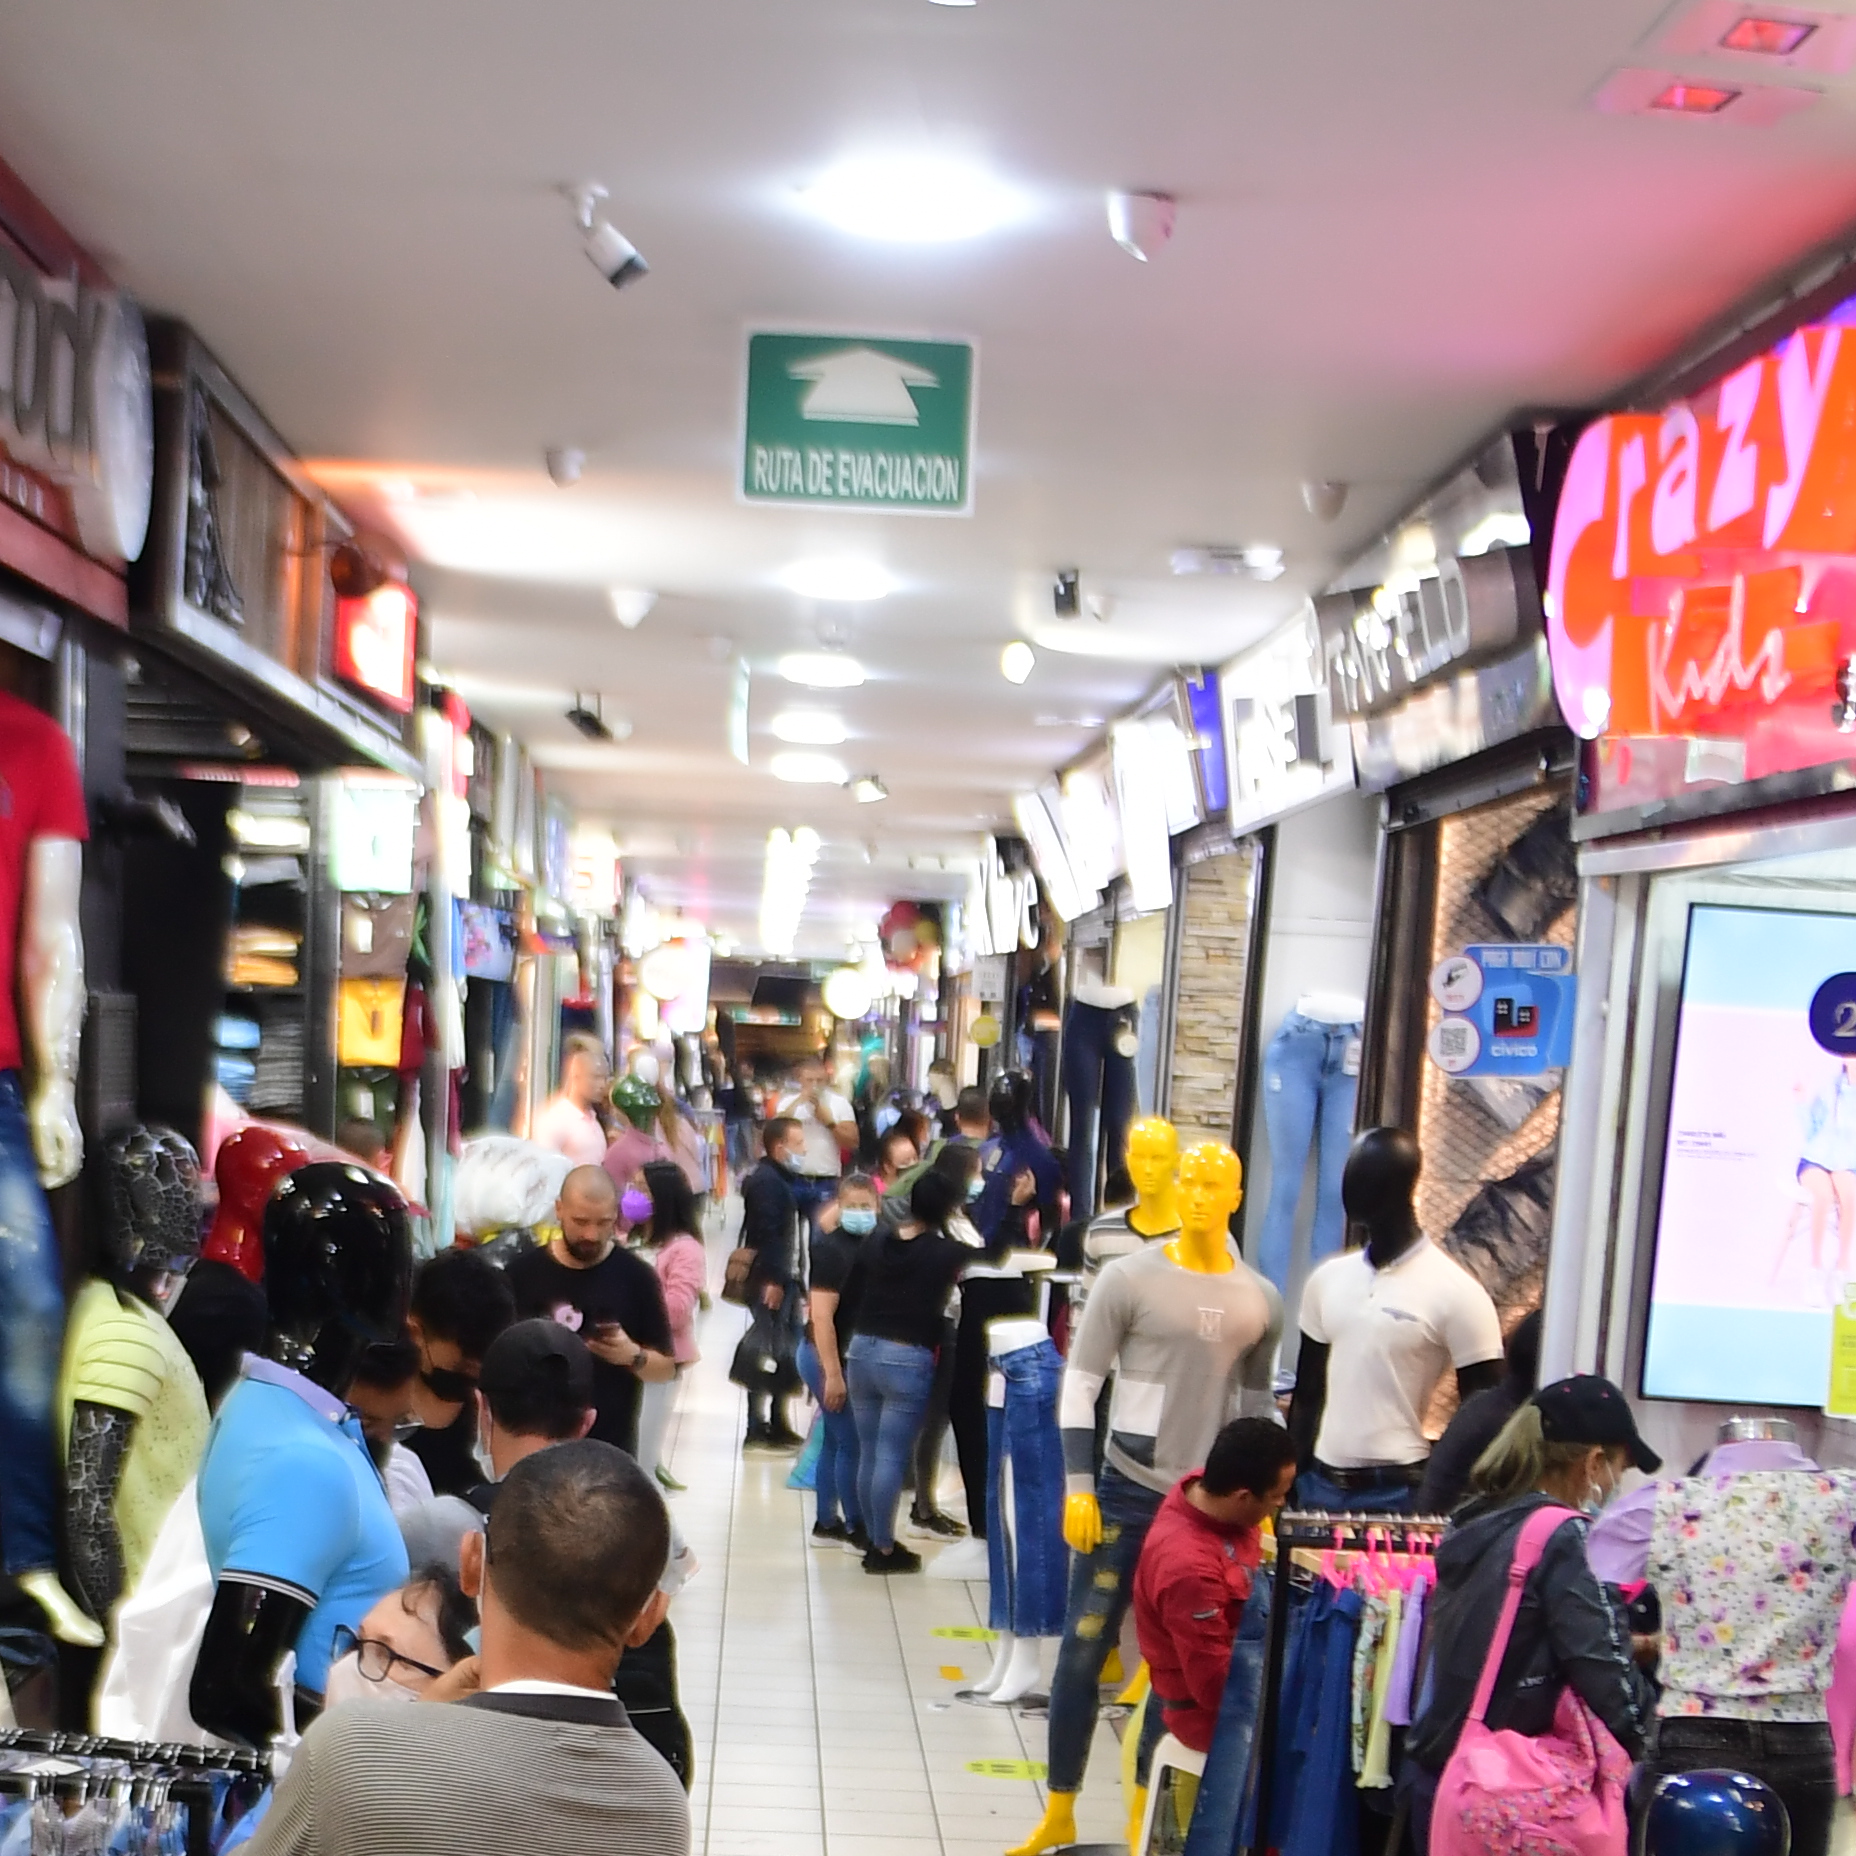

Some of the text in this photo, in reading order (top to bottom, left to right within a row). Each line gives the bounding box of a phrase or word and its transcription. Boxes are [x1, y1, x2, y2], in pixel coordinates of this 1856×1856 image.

[754, 446, 960, 501] RUTA DE EVACUACION
[1546, 325, 1842, 739] Crazy
[1647, 571, 1793, 736] Kids
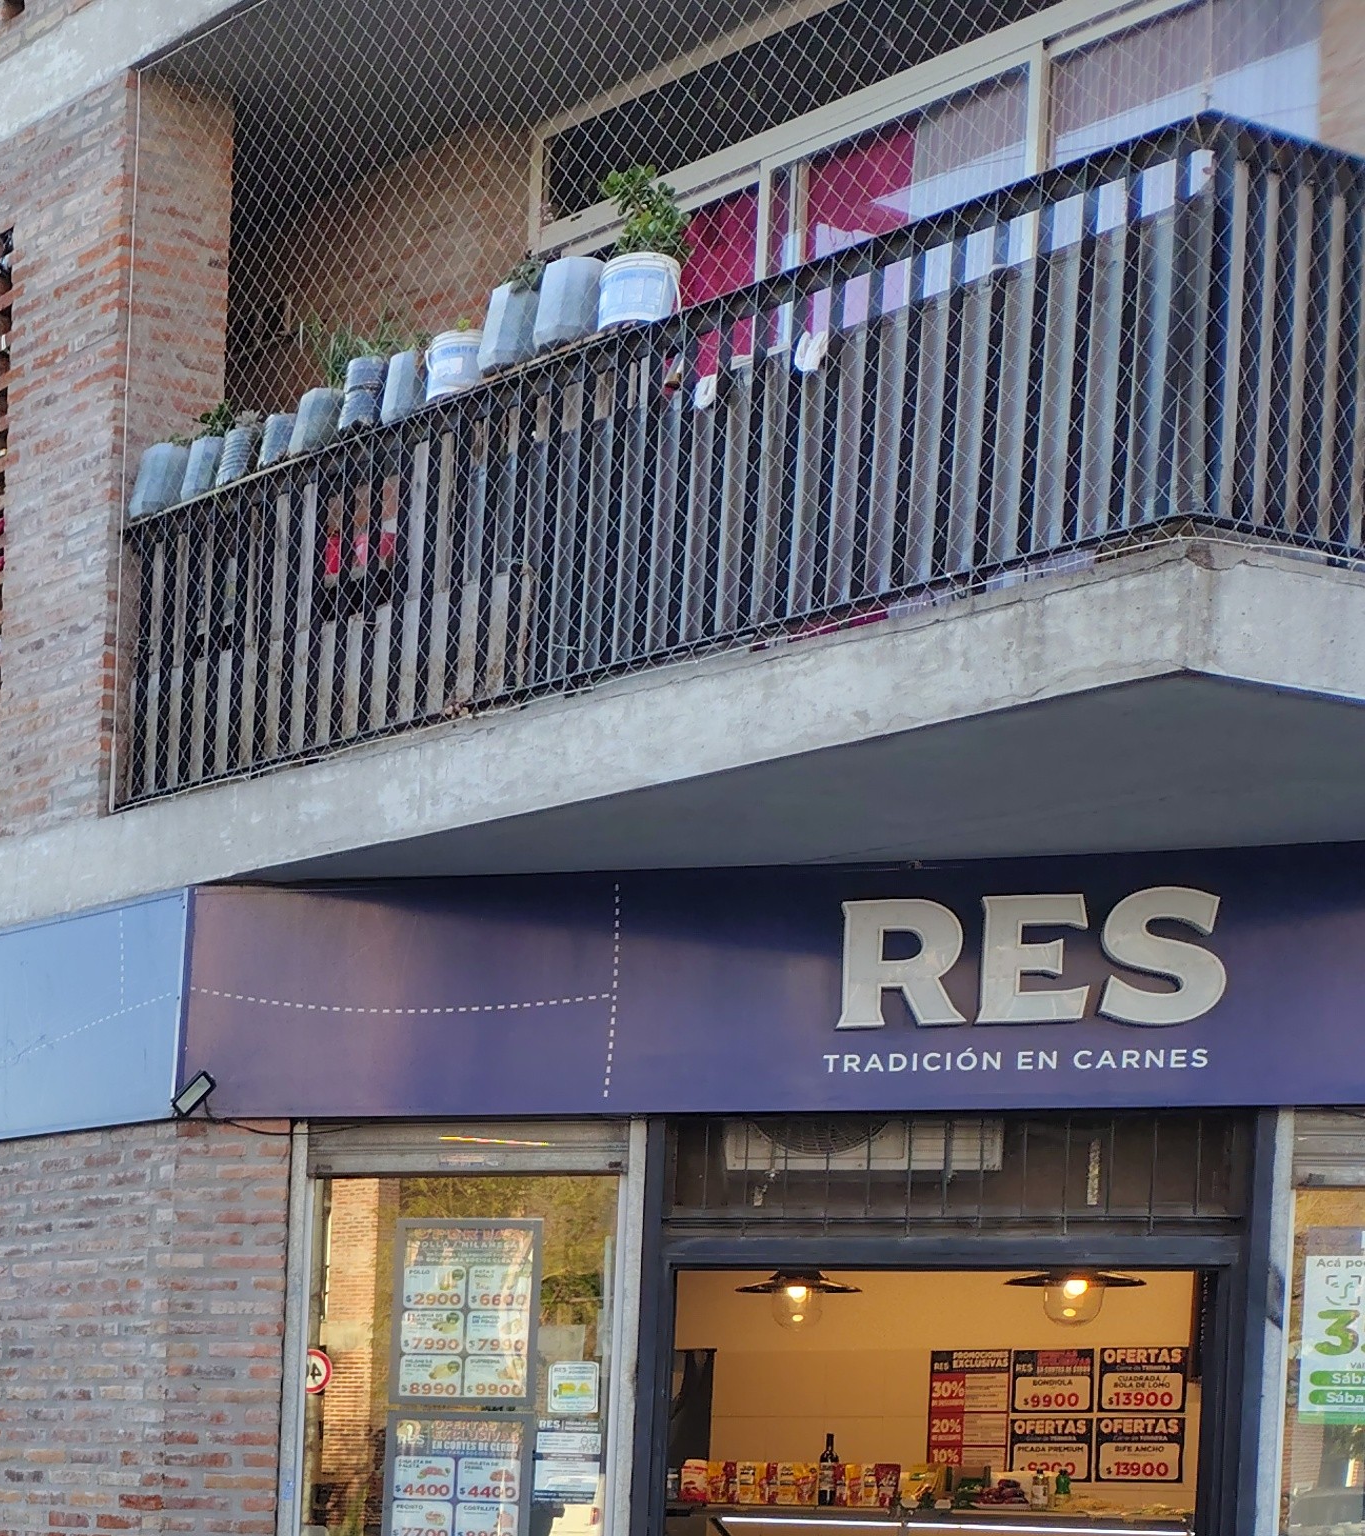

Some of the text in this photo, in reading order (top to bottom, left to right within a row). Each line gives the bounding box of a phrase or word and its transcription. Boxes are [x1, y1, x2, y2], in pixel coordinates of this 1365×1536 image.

[835, 886, 1227, 1030] RES
[823, 1047, 1209, 1074] TRADICIÓN EN CARNES
[1316, 1257, 1341, 1268] Acá
[1314, 1309, 1365, 1356] 3
[952, 1358, 1009, 1369] EXCLUSIVAS
[1103, 1349, 1183, 1363] OFERTAS
[931, 1380, 965, 1398] 30%
[931, 1418, 962, 1433] 20%
[1014, 1420, 1086, 1435] OFERTAS
[1099, 1419, 1179, 1434] OFERTAS
[444, 1441, 477, 1451] CORTES
[932, 1449, 960, 1463] 10%

##############################

■ What this task involves:
Exactly and in full, write out the lines from the one containing "this 1365×1536 image." through the end of the listing.

■ Response:
Some of the text in this photo, in reading order (top to bottom, left to right within a row). Each line gives the bounding box of a phrase or word and its transcription. Boxes are [x1, y1, x2, y2], in pixel coordinates of this 1365×1536 image.

[835, 886, 1227, 1030] RES
[823, 1047, 1209, 1074] TRADICIÓN EN CARNES
[1316, 1257, 1341, 1268] Acá
[1314, 1309, 1365, 1356] 3
[952, 1358, 1009, 1369] EXCLUSIVAS
[1103, 1349, 1183, 1363] OFERTAS
[931, 1380, 965, 1398] 30%
[931, 1418, 962, 1433] 20%
[1014, 1420, 1086, 1435] OFERTAS
[1099, 1419, 1179, 1434] OFERTAS
[444, 1441, 477, 1451] CORTES
[932, 1449, 960, 1463] 10%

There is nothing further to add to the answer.